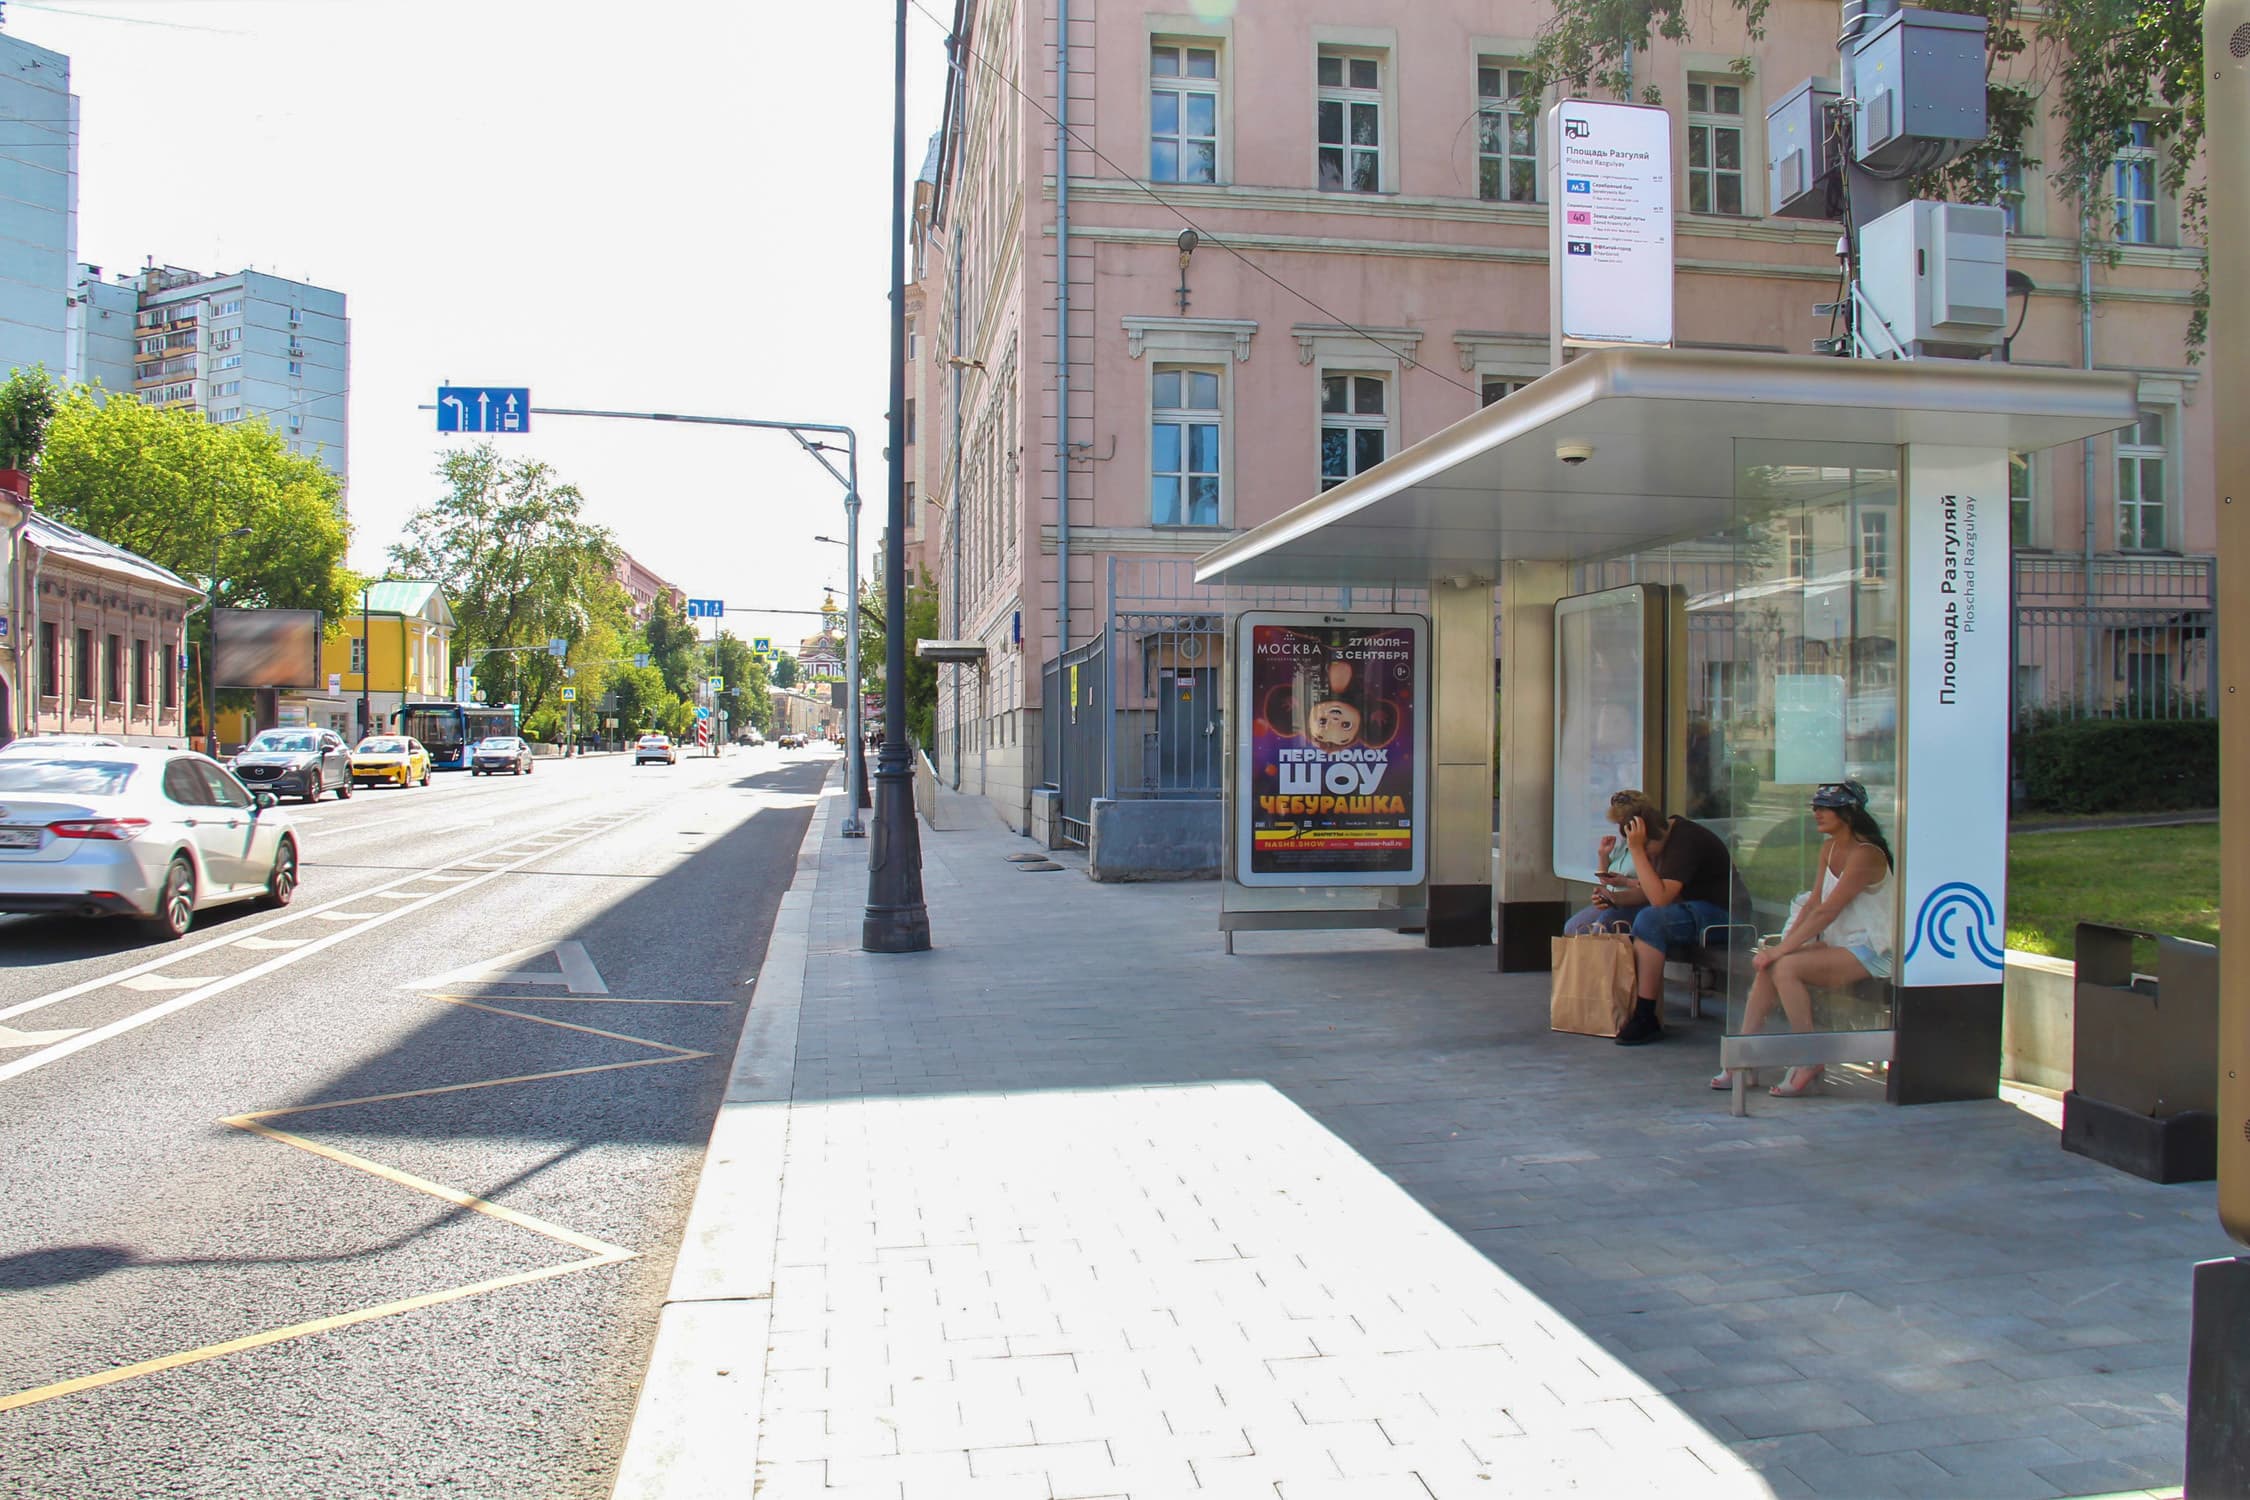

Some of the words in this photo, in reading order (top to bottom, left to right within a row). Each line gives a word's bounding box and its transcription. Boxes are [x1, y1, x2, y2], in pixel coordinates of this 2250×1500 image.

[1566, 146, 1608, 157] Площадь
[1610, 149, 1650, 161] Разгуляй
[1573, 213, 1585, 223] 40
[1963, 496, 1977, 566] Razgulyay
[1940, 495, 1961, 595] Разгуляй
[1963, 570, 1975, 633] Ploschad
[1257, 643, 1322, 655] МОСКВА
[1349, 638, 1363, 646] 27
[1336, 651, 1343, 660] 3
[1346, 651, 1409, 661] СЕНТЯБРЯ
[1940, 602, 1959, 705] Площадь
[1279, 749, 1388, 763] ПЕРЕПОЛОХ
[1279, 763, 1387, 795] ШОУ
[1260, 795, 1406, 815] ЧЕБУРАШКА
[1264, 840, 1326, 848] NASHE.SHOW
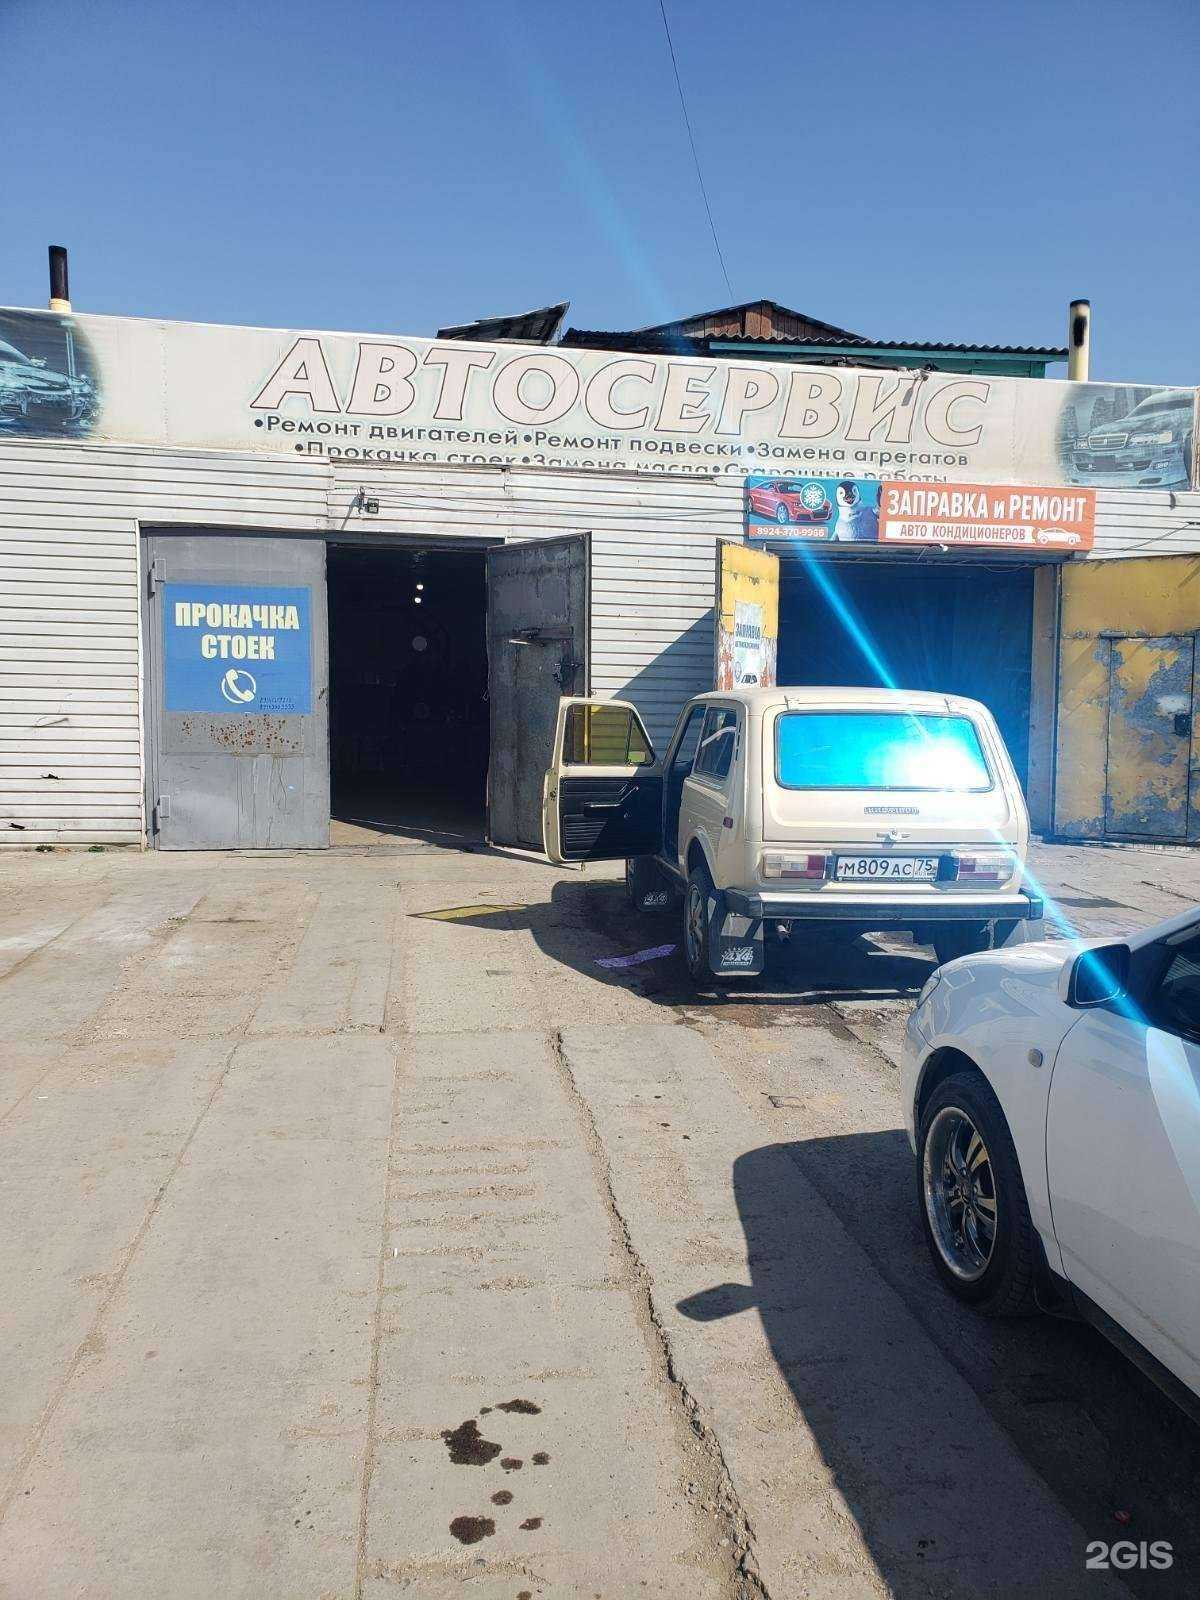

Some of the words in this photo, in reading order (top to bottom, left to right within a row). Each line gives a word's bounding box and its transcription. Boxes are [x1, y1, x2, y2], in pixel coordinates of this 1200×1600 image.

## Try it
The answer must be the whole listing, word for word, with no pictures in it. Please write it out.

## Answer space
Some of the words in this photo, in reading order (top to bottom, left to right within a row). Each line gives a word's bounding box and its transcription. Boxes are [x1, y1, x2, y2], in pixel coordinates of this 2250×1500 image.

[1566, 146, 1608, 157] Площадь
[1610, 149, 1650, 161] Разгуляй
[1573, 213, 1585, 223] 40
[1963, 496, 1977, 566] Razgulyay
[1940, 495, 1961, 595] Разгуляй
[1963, 570, 1975, 633] Ploschad
[1257, 643, 1322, 655] МОСКВА
[1349, 638, 1363, 646] 27
[1336, 651, 1343, 660] 3
[1346, 651, 1409, 661] СЕНТЯБРЯ
[1940, 602, 1959, 705] Площадь
[1279, 749, 1388, 763] ПЕРЕПОЛОХ
[1279, 763, 1387, 795] ШОУ
[1260, 795, 1406, 815] ЧЕБУРАШКА
[1264, 840, 1326, 848] NASHE.SHOW

Some of the words in this photo, in reading order (top to bottom, left to right within a row). Each line gives a word's bounding box and its transcription. Boxes are [x1, y1, x2, y2], in pixel coordinates of this 1200×1600 image.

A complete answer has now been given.